Beast smiled without showing his teeth. "I know."

The clerk - Beast was now close enough to see that his nametag read "Mike" - was unsettled by that, but he started opening the cash register and counting coins. "Uh - how much do you need?"

"It's a long-distance call," Beast said. A shifting mosaic of color on top of a shelf behind the counter had caught his attention, and he squinted; Trask had not been thoughtful enough to kidnap his glasses. "Is that a TV?"

"Yeah, you're the big story," Mike said, gathering up dimes and quarters. "This is pretty cool, you being in here. If you're really you, I mean. Everyone's been glued to the news for weeks."

"Could you turn up the volume?" There was no way to improve the clarity of the image besides squinting harder, which he did.

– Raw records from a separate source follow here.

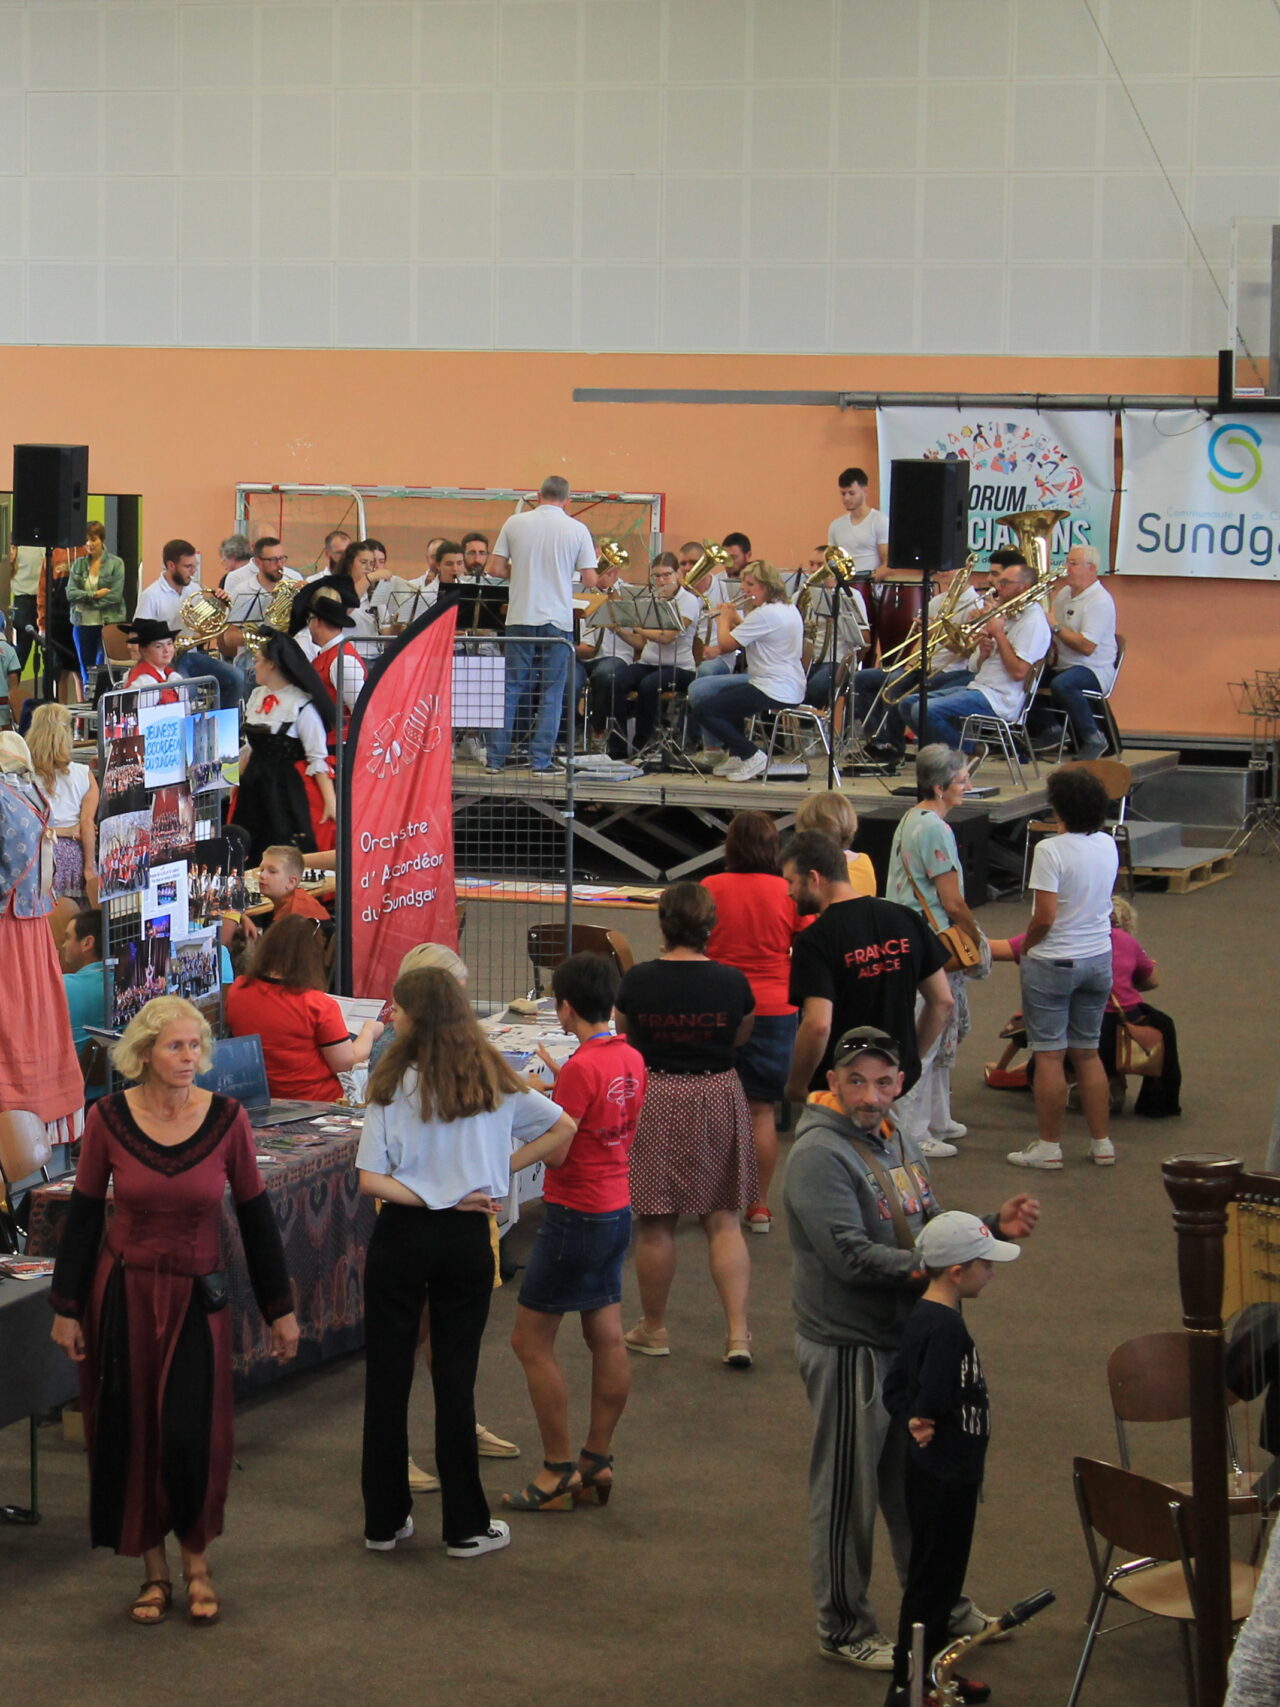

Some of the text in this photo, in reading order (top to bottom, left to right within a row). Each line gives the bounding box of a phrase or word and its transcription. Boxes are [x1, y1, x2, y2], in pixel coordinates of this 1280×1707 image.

[969, 484, 1027, 512] ORUM
[1136, 512, 1280, 567] Sundg
[844, 938, 910, 968] FRANCE
[858, 958, 901, 979] ALSACE
[638, 1011, 729, 1028] FRANCE
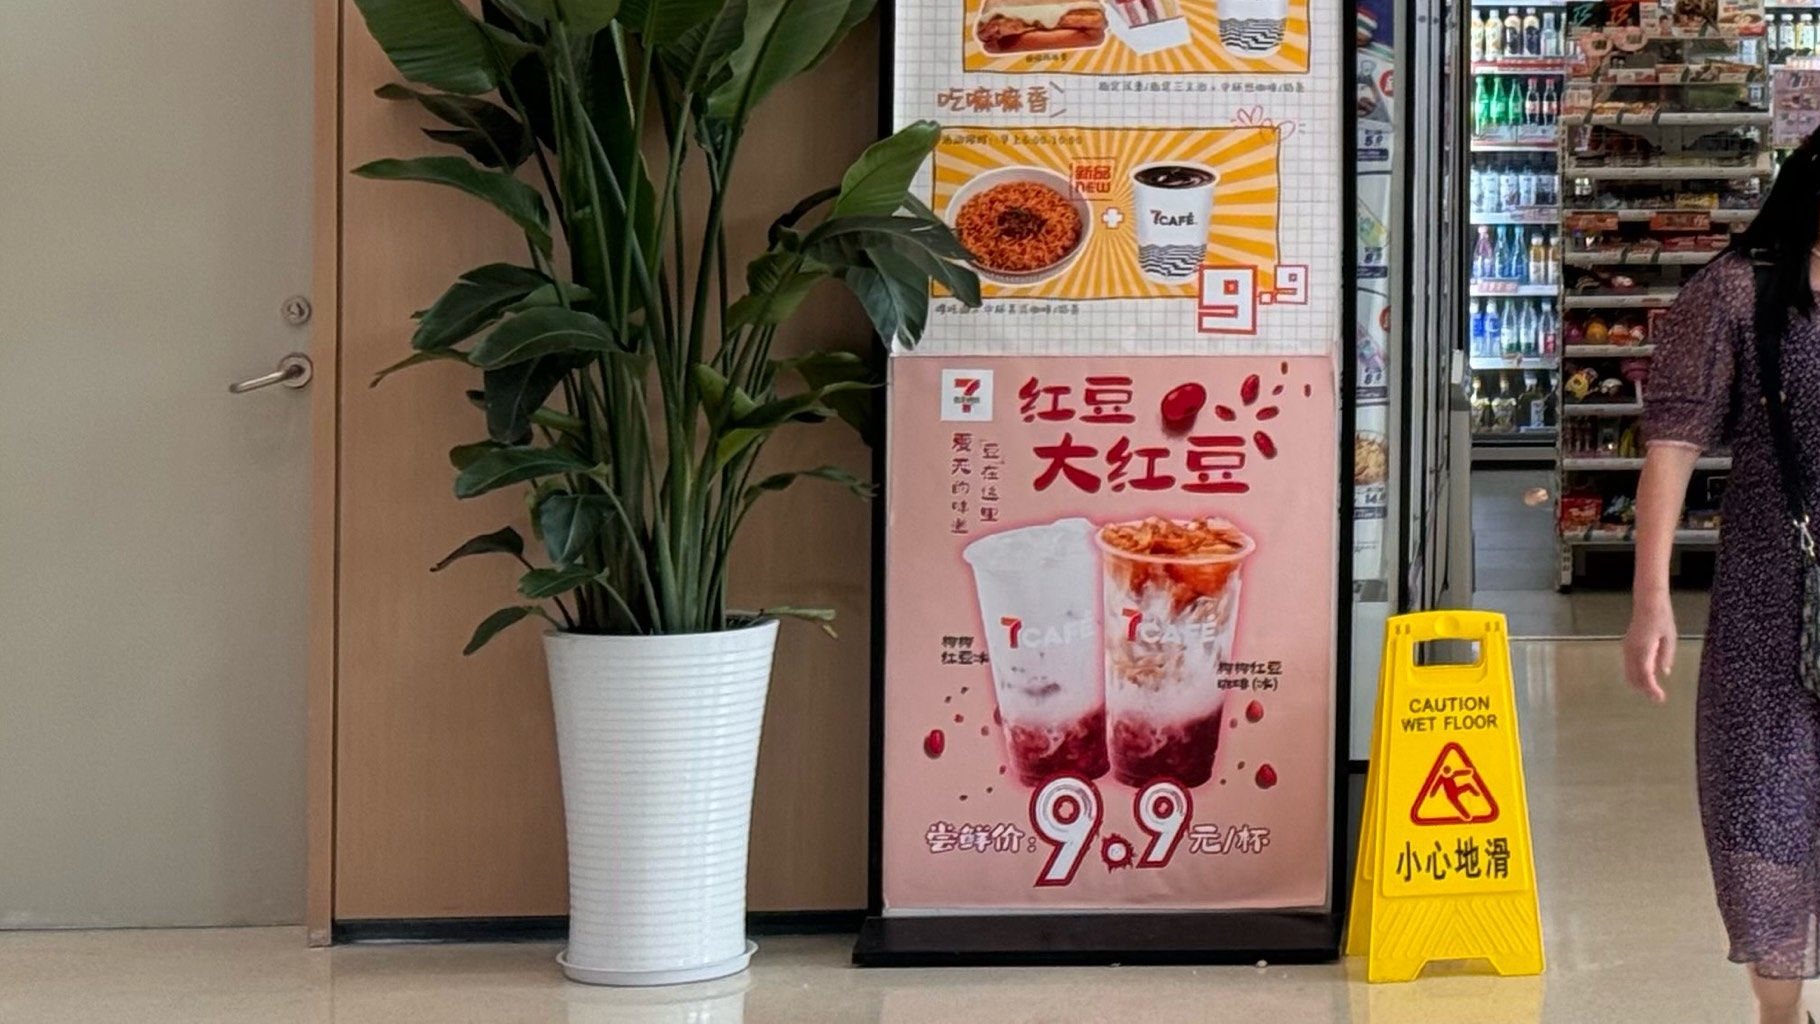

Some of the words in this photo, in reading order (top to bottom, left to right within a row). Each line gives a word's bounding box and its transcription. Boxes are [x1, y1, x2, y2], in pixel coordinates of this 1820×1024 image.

[937, 84, 1049, 114] 吃嘛嘛香
[1075, 165, 1112, 180] 新品
[1198, 264, 1308, 335] 9.9
[1019, 377, 1136, 423] 红豆
[1033, 433, 1251, 493] 大红豆
[1409, 696, 1490, 714] CAUTION
[1401, 717, 1436, 733] WET
[1444, 715, 1498, 731] FLOOR
[1396, 837, 1510, 881] 小心地滑

"Sure." Mike did a quick, thoroughly gymnastic maneuver where he reached up, back, and over, changing the volume without taking his attention off of Beast or the open cash register.

The channel was ZNN, and two talking heads were sitting in front of a large graphic bearing a glowing DNA helix, a gavel, and the words "MUTANT TRIAL."

Honest, if a little bland for such a sensational topic. He didn't know whether to feel amused or disappointed.

The tag under the male anchor read "Stuart Dunston," and Beast realized that this was the man that Trish was trying to unseat. Who she perhaps already had unseated. After all, what kind of demotion did it take to go from senior war correspondent to manning the pre-dawn news desk?

Dunston was saying, "-go now live to our correspondent Trish Tilby, who's been covering the trial since it began. Trish?"

The picture of the studio was replaced by a live shot of Trish standing outside somewhere. She was smiling brilliantly despite the early hour; a smile so blinding that it took Beast a moment to recognize the location as a building that he'd spent a significant amount time in. "Right here, Stuart. I've been told that the jury has just returned its verdict after only a single night of deliberation. Now, we're still not sure what the verdict is, but I spoke with some people earlier who hope the outcome is in Dr. McCoy's favor."

The footage cut to a previously-recorded shot of the same location. This time, the schoolfront was illuminated by flickering candles cupped in the hands of a small but sizable crowd of people. It was an equal mix of children and adults, and Beast felt at once like laughing and like crying. Bayville, it seemed, was a town that forgave - at least partially.

"I don't see why he's on trial in the first place," a girl was telling Trish's microphone indignantly. "It's not like having fur makes Mr. McCoy a monster."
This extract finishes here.